She gave Trigger a wink behind Plemponi's back. "We keep the chiropractors on stand-by duty when we go riding with Plemp."
"Now then! Now then!" Doctor Plemponi said. "You distracted my attention for a moment, that's all. Now, Trigger, the reason we're here is that Mihul told me at our prebreakfast conference you weren't entirely happy at the good old Colonial School. So climb in, if you don't have much else to do, and we'll run up to the office and discuss it." He opened the door for her.
"Much else to do!" Trigger gave him a look. "All right, Doctor. We'll run up and discuss it."
She went back for her sun hat, climbed in, closed the door and sat down beside him, shoving the holstered Denton forward on her thigh.
Plemponi eyed the gun dubiously. "Brushing up in case there's another grabber raid?" he inquired. He reached out for the guide stick.
Trigger shook her head. "Just working off hostility, I guess." She waited till he had lifted the car off the ground in a reckless swoop. "That business yesterday--it really was a grabber raid?"
"We're almost sure it was," Mihul said behind her, "though I did hear some talk they might have been after those two top-secret plasmoids in your Project."
"_That's_ not very likely," Trigger remarked. "The raiders were a half mile away from where they should have come down if the plasmoids were what they wanted. And from what I saw of them, they weren't nearly a big enough gang for a job of that kind."
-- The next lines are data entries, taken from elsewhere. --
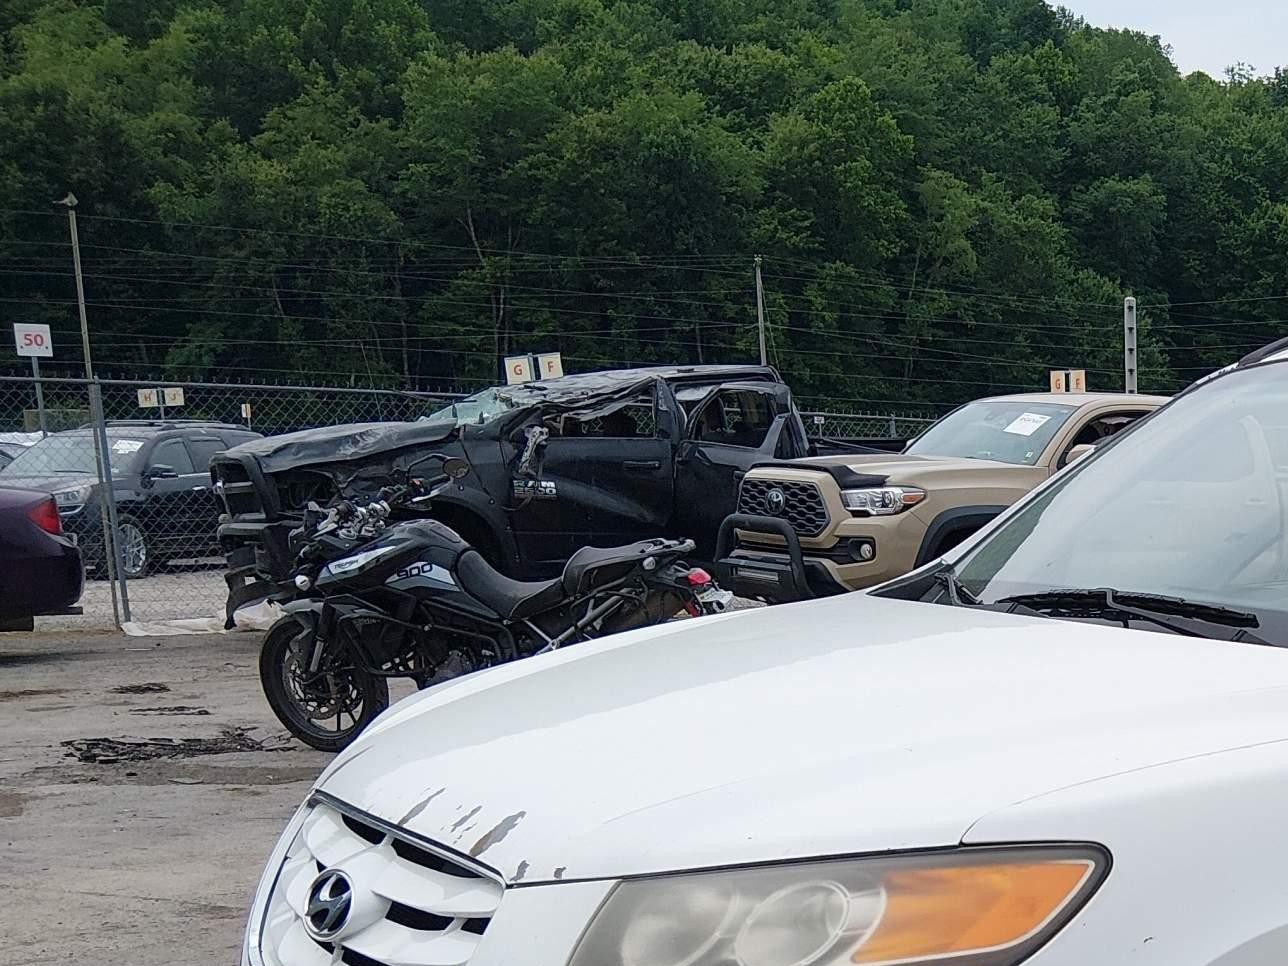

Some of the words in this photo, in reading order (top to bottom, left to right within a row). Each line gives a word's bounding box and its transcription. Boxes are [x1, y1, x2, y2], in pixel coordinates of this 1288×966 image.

[24, 333, 44, 347] 50
[513, 364, 523, 376] G
[547, 361, 555, 373] F
[513, 480, 556, 488] RAM
[397, 562, 433, 578] 900
"I thought so, too," Mihul said. "They were topflight professionals, in any case. I got a glimpse of some of their equipment. Knockout guns--foggers--and that was a fast car!"
"Very fast car," Trigger agreed. "It's what made me suspicious when I first saw them come in."
"They also," said Mihul, "had a high-speed interplanetary hopper waiting for them in the hills. Two more men in it. The cops caught them, too." She added, "They were grabbers, all right!"
"Anything to indicate whom they were after?" Trigger asked.
"No," Mihul said. "Too many possibilities. Twenty or more of the students in that area at the time had important enough connections to class as grabber bait. The cops won't talk except to admit they were tipped off about the raid. Which was obvious. The way they popped up out of nowhere and closed in on those boys was a beautiful sight to see!"
"I," Trigger admitted, "didn't see it. When that car homed in, I yelled a warning to the nearest bunch of students and dropped flat behind a rock. By the time I risked a look, the cops had them."
"You showed very good sense," Plemponi told her earnestly. "I hope they burn those thugs! Grabbing's a filthy business."
"That large object coming straight at you," Mihul observed calmly, "is another aircar. In this lane it has the right of way. You do not have the right of way. Got all that, Plemp?"
"Are you sure?" Doctor Plemponi asked her bewilderedly. "Confound it! I shall blow my siren."